Artificial Intelligence, the software reads the patient’s information and sends alerts to the medical team if the patient’s condition is, for example, of generalized infection.
However, when it comes to artificial intelligence in management, there are some limitations. Machines are more “trained” than “programmed”. Because of this, the various processes generally require immense amounts of labeled data to perform complex tasks accurately.
Let’s learn more about three of these limitations, and the possible solutions that are emerging to overcome them:
Data Cataloging
This is one of the major obstacles imposed by the AI in the path of companies: to carry out the cataloguing of this data. Obtaining it can be very difficult, or even impossible.
This is because most AI models are trained through “supervised learning,” which means that we humans need to catalog and categorize the underlying data. For example, companies that develop self-drive cars are hiring hundreds of people to manually record prototype hours and video information to help train the vehicles.
On the other hand, new techniques are emerging to optimize this tremendous work. One is the in-stream supervision, recently presented. Through which data can be catalogued during the course of natural use of a prototype.
Obtaining large data sets for training
The current machine learning moment requires not only catalogued data, but an immense amount of it. A deep learning process requires thousands and thousands of records for models to satisfactorily perform their complex recording tasks and, in some cases, millions of them to perform at the same level as a human being.
This is another important limitation, since accessing this amount of data can be a very difficult task. And each minimal variation in an assigned task may require a new amount of data to continue learning.
The problem of “explainability
“Explainability”: even if the term seems new, it has haunted AI systems for some time. But it has become a more troubling issue as deep learning processes have evolved. Larger and more complex complexities make it more difficult to explain, in human terms, why a certain decision was made.
This is one of the reasons why the adoption of some tools and AI is restricted in areas where the need to explain is useful, or even required. In addition, as the application of artificial intelligence in management expands, regulation could also leverage the need for more “explainable” models.
Artificial intelligence in management: start now!

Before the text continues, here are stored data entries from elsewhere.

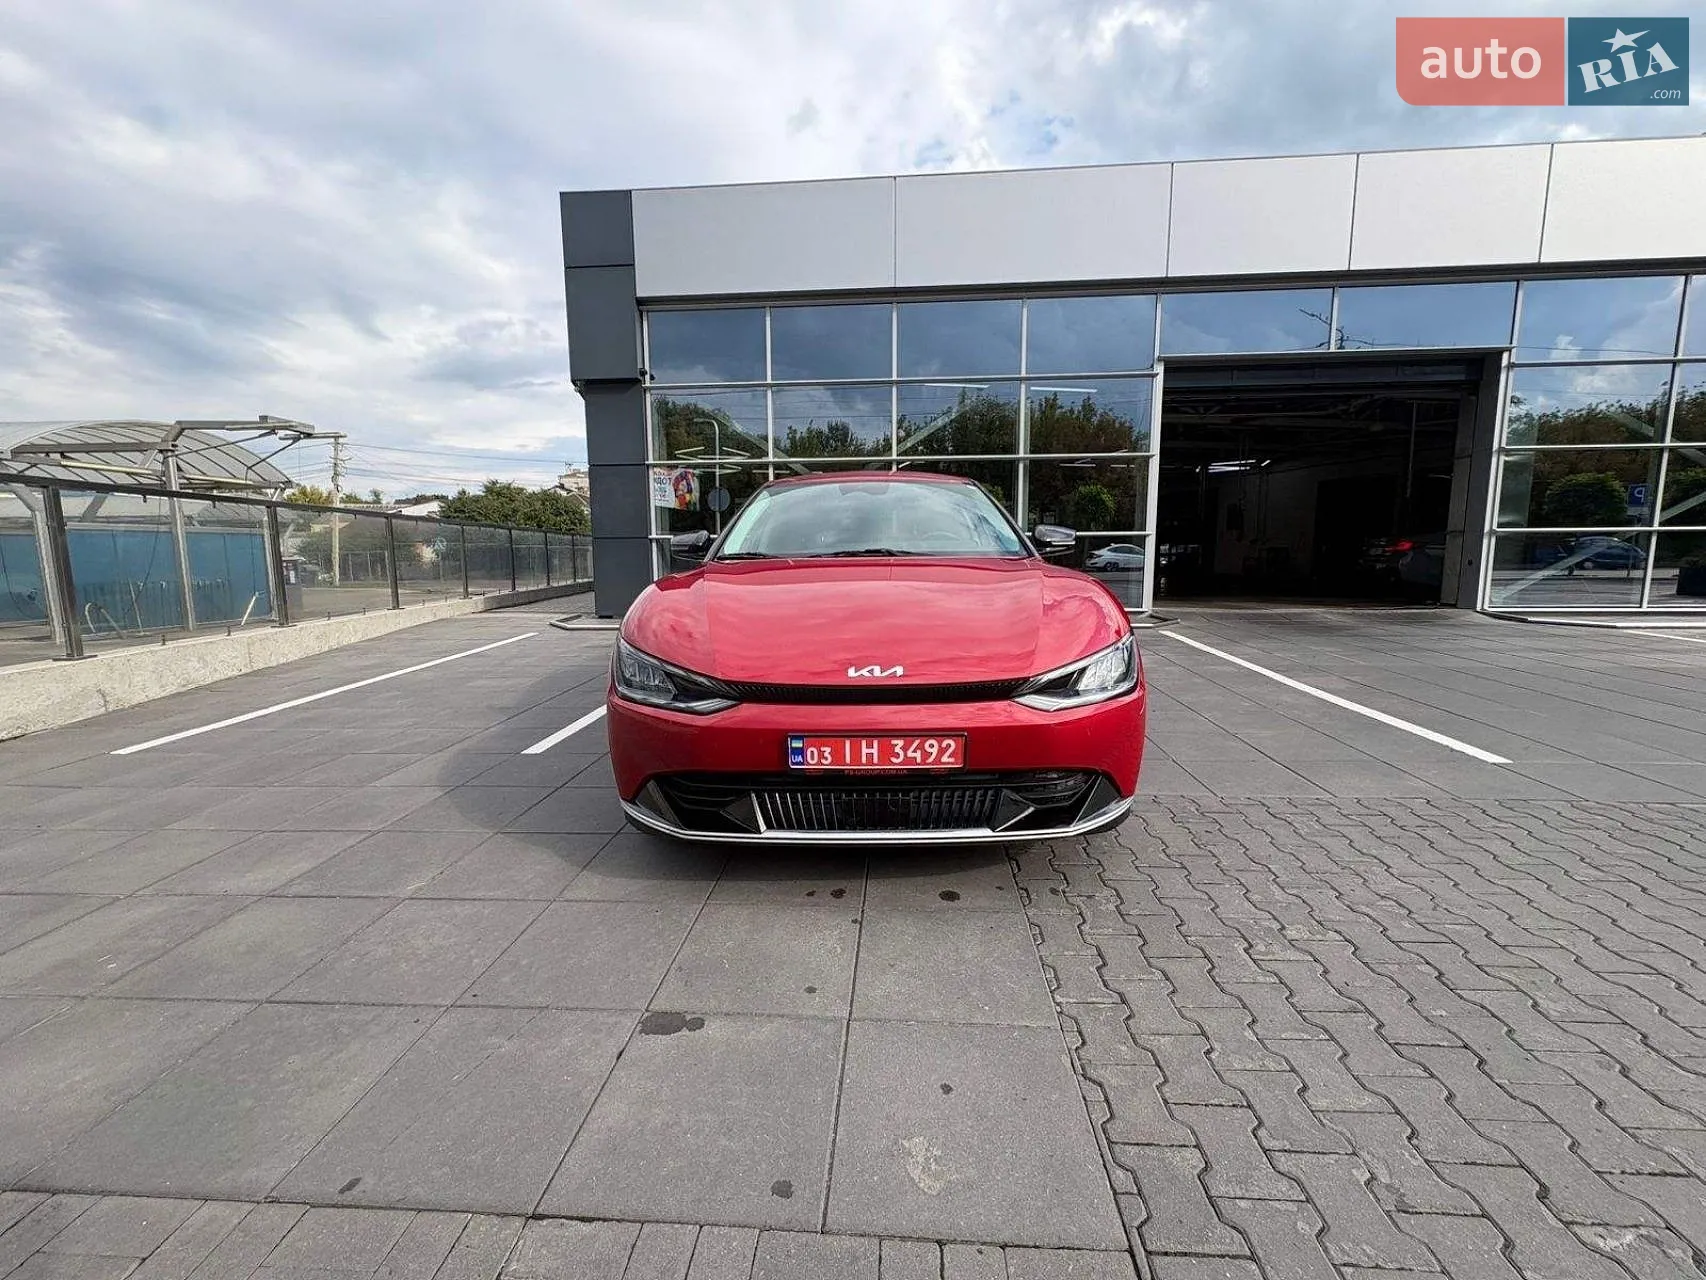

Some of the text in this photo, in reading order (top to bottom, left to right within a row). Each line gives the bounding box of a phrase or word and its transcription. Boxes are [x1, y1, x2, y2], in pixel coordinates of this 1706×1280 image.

[847, 664, 904, 678] KIA
[791, 754, 804, 763] UA
[806, 746, 832, 765] 03
[889, 738, 956, 764] 3492
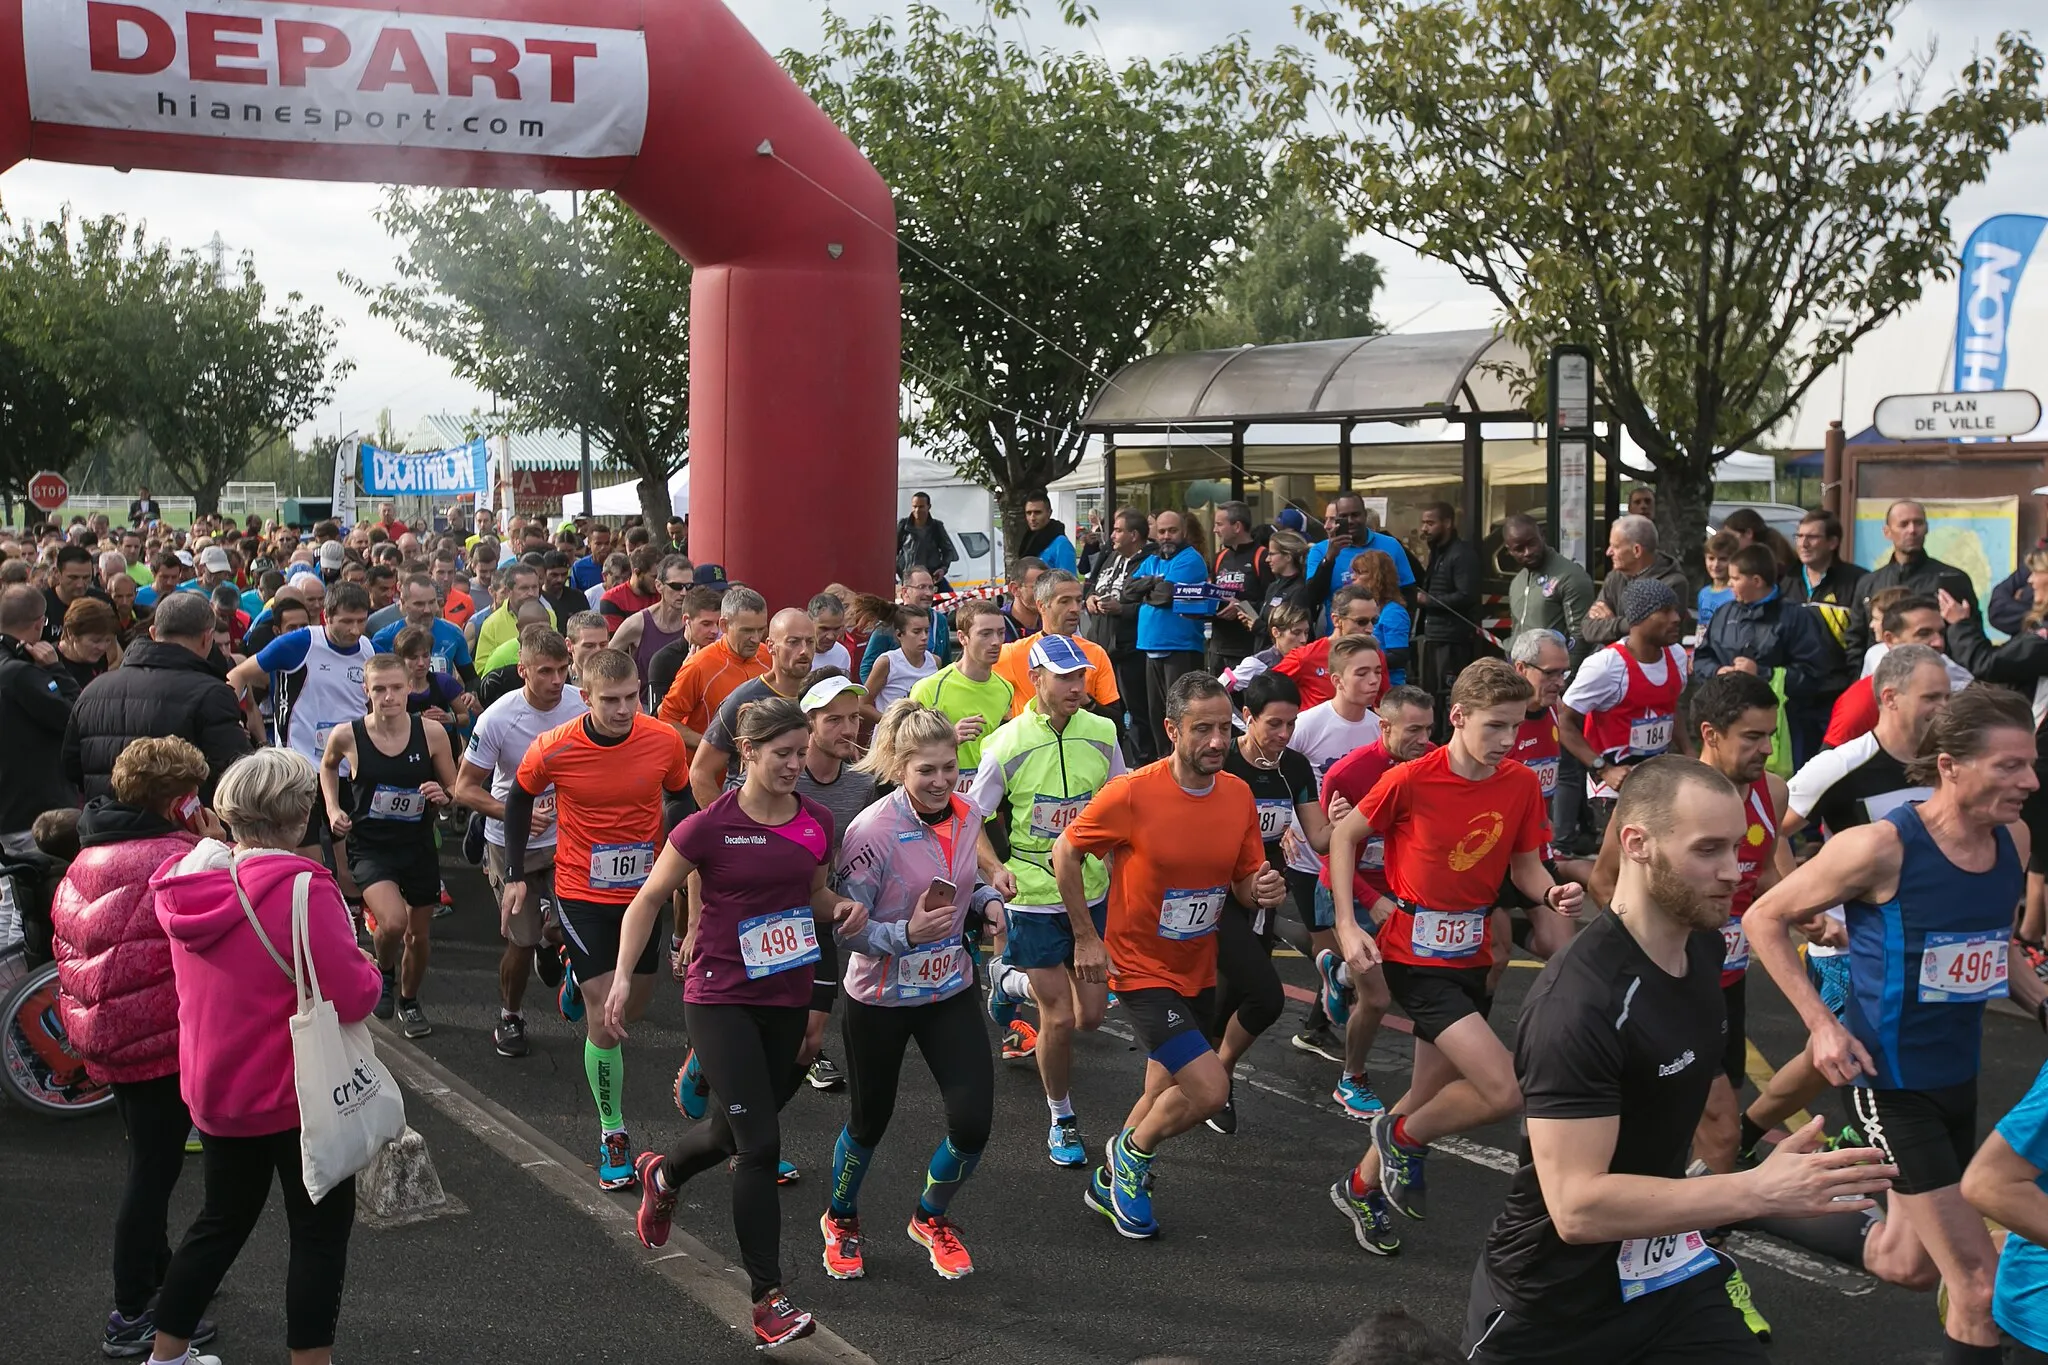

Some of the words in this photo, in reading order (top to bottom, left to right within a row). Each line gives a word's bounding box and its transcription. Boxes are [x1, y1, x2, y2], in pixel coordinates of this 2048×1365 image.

[87, 1, 598, 103] DEPART
[158, 92, 545, 138] hianesport.com
[1932, 401, 1978, 413] PLAN
[1915, 417, 1936, 431] DE
[1950, 416, 1996, 430] VILLE
[372, 444, 476, 492] DECATHLON
[33, 485, 66, 498] STOP
[1646, 726, 1664, 745] 184
[391, 797, 411, 812] 99
[724, 835, 750, 845] Decathlon
[612, 856, 636, 876] 161
[840, 844, 876, 881] enji
[1188, 902, 1208, 926] 72
[761, 926, 798, 957] 498
[1435, 919, 1466, 944] 513
[918, 954, 951, 981] 499
[1948, 950, 1993, 984] 496
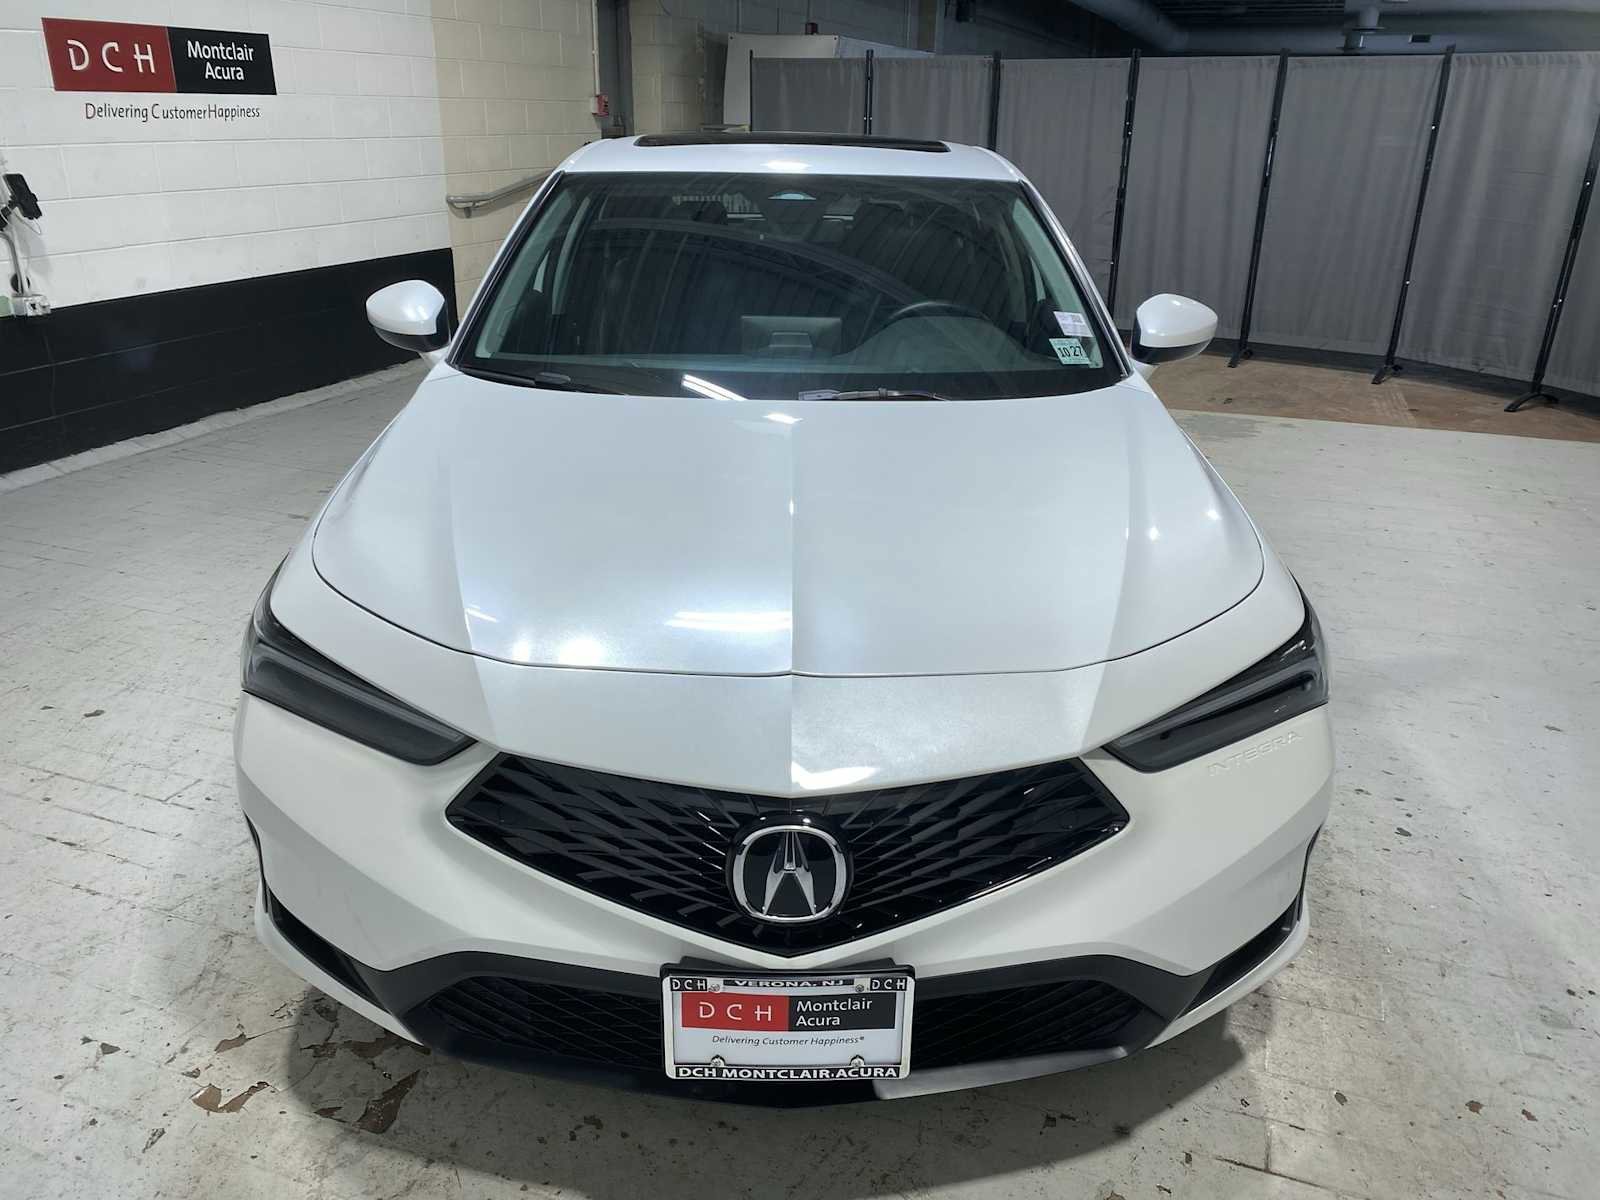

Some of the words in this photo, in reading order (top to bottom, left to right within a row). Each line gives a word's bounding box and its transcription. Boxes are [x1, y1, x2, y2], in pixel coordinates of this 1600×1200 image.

[187, 40, 254, 62] Montclair
[204, 62, 245, 81] Acura
[85, 102, 148, 122] Delivering
[796, 998, 873, 1013] Montclair
[796, 1015, 841, 1027] Acura
[712, 1035, 760, 1047] Delivering
[762, 1036, 808, 1046] Customer
[678, 1067, 718, 1078] DCH
[835, 1066, 897, 1078] ACURA
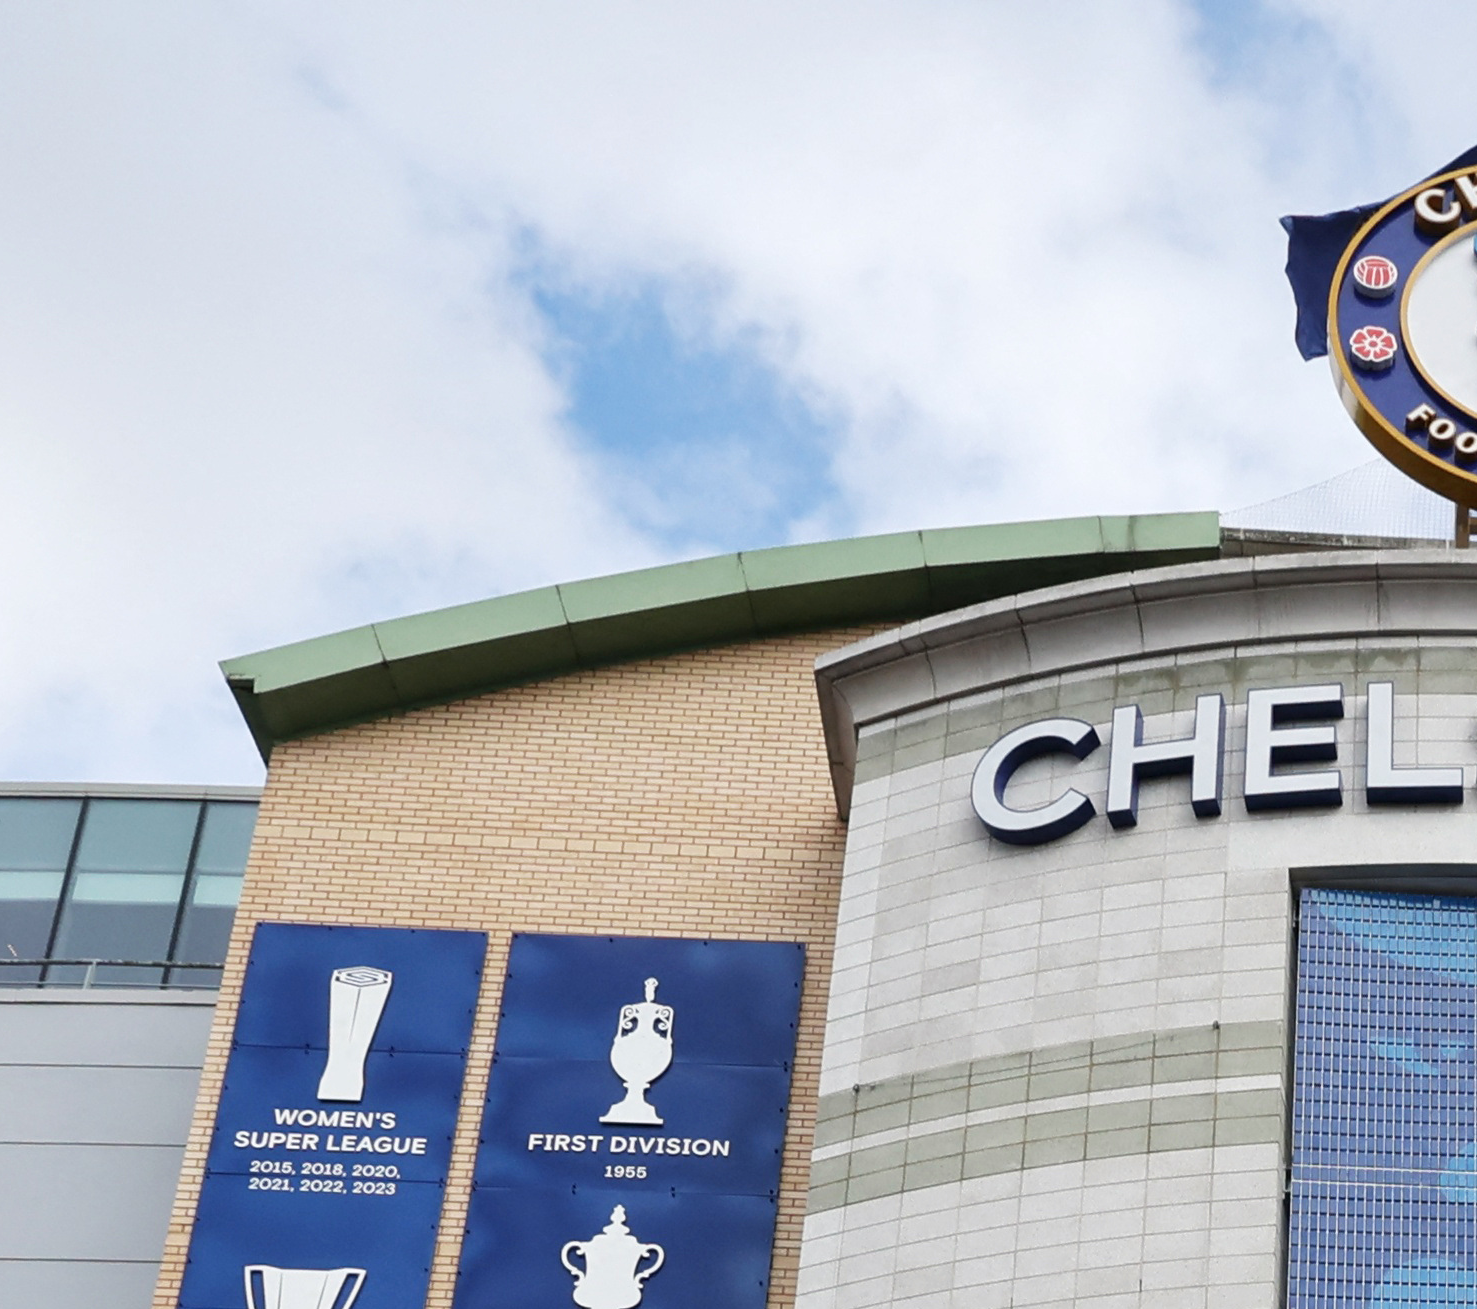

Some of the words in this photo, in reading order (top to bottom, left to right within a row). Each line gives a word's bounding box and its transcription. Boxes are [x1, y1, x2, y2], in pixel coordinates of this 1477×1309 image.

[274, 1108, 396, 1130] WOMEN'S
[233, 1130, 320, 1151] SUPER
[326, 1134, 428, 1155] LEAGUE
[527, 1133, 604, 1152] FIRST
[609, 1135, 730, 1157] DIVISION
[249, 1160, 296, 1175] 2015,
[300, 1161, 347, 1177] 2018,
[351, 1164, 401, 1180] 2020,
[604, 1165, 647, 1179] 1955
[248, 1177, 295, 1193] 2021,
[299, 1178, 347, 1194] 2022,
[351, 1181, 396, 1196] 2023

- Get to know and become familiar with AI: take your time to learn the basics and what resources might be useful to you;
- Identify what problems you want to solve with AI: now that you know the basics, think about where you can apply them and how this can optimize or improve your processes;
- Think concrete: for AI innovations, the sky is the limit. However, you need to pay attention to the available budget and whether the investment will bring value to your business;
- Know your bottlenecks: there is a big difference between what you want to achieve and what the team can do. Take this into consideration before implementing the IA;
- Create a pilot project: once you have mapped your company’s areas, start defining a plan. If you want, you can hire an expert or a consultant;
- Create a task force to integrate data: organize the collection and cross-referencing of data to prevent unnecessary information from hindering your view of what’s important;
- Start small: choose an area or a company process to start with. Then expand;
- Include storage as part of your plan: because of the large volume of data generated, it is important to know where and how you will store it so you don’t lose anything and ensure information security;
- Incorporate IA into your daily tasks: some employees may become fearful about the technology. In order for them to see the benefits, it is important that IA is part of their daily lives;
- Be balanced!
In addition, the tool provides you with data on deliveries and performance, reducing your time invested in micro-management and increasing your availability to think about strategic solutions for the team. And the best: you gain time to stay on top of the main trends in technology.